Enquanto ela desejava boa sorte “na nova vida em São Paulo” seguida de um emoji de beijo, ele, por sua vez, perguntou se Heitor já tinha chegado em São Paulo e dizia que ainda guardava na memória a lembrança da última noite que tiveram juntos, encerrando a mensagem com a frase provocativa “Quando você voltar, eu vou continuar aqui”, seguida de dois emojis: o do capetinha sorridente seguido de uma berinjela. Ele deixou as duas mensagens sem resposta, desligou o telefone e ficou com os olhos fechados até o sono chegar.
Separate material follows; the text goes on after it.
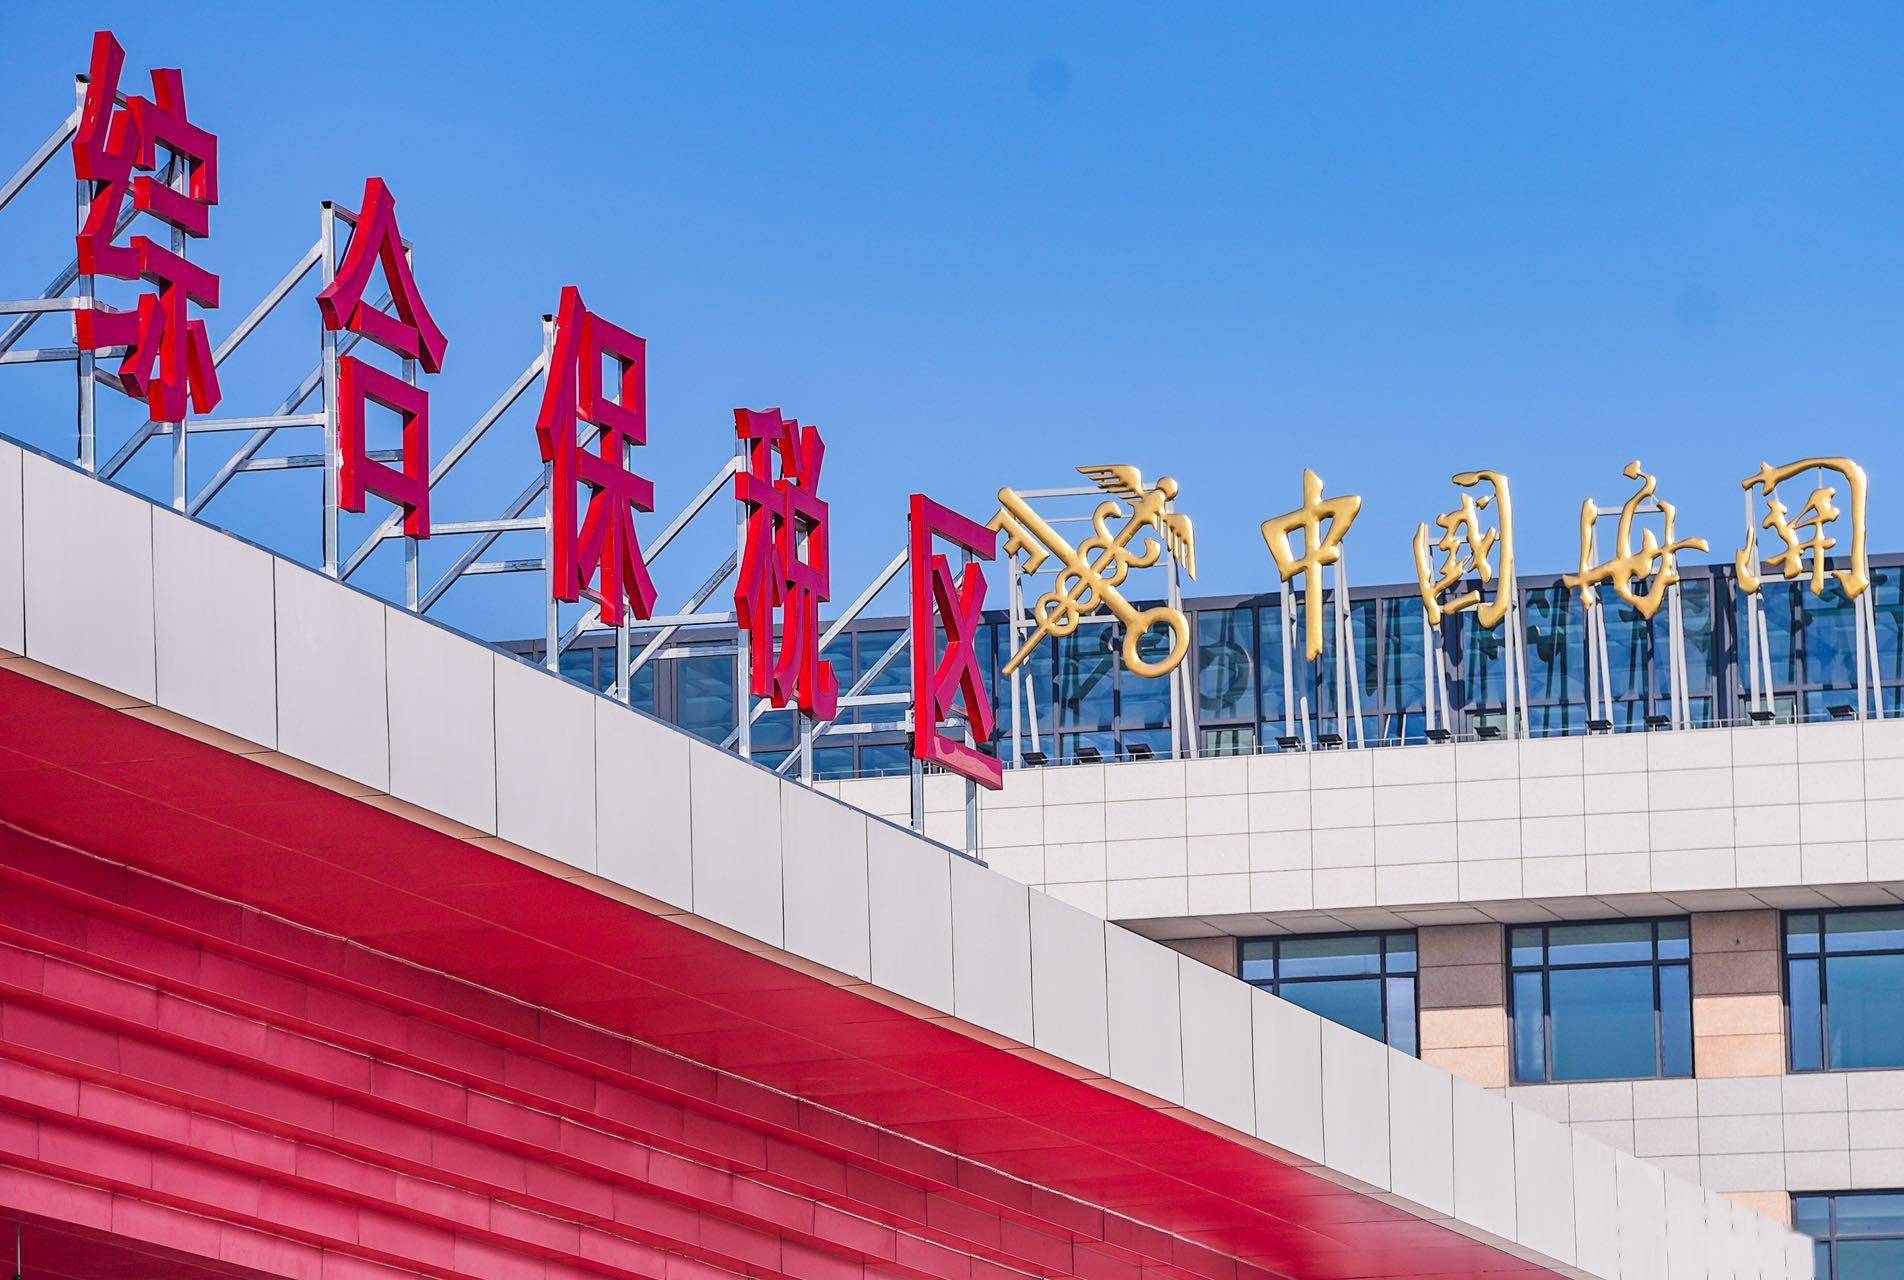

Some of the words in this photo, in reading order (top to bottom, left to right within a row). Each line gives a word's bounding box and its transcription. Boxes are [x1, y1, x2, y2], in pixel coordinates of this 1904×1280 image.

[73, 30, 1003, 790] 综合保税区
No dia seguinte, Marina acordou cedo e foi até o quarto do irmão para acordá-lo. Enquanto abria a janela, ela disse:
– Acorda, Heitor! Vamos levantar, maninho! É nosso primeiro dia em São Paulo, quero tomar café, sair para conhecer a cidade e você vai junto. Quando nossas aulas começarem, nossa vida vai virar uma loucura e não teremos tempo para mais nada. E você menos ainda… Eu estou no segundo ano e só tenho duas matérias extras para fazer. E você que tem 7?
Heitor, com cara e voz de sono, coçou os olhos e disse:
– Daqui a pouco eu vou.
– Daqui a pouco nada! Mamãe já fez o café e só falta você. Vamos! Coloca uma camiseta e já para a sala. Papai odeia que você coma só de samba canção. Vamos! Só saio dessa casa com você!
Heitor pegou a camiseta que tinha usado no dia anterior, foi até o banheiro, lavou o rosto, voltou para o quarto e encontrou a irmã o esperando:
– Muito bem! Hoje a sua cara está melhor. Parece que finalmente você começou a superar a separação entre você e o Flávio.
Heitor sentiu a barriga gelar, olhou para a irmã e disse:
– Como assim? O que você está querendo dizer?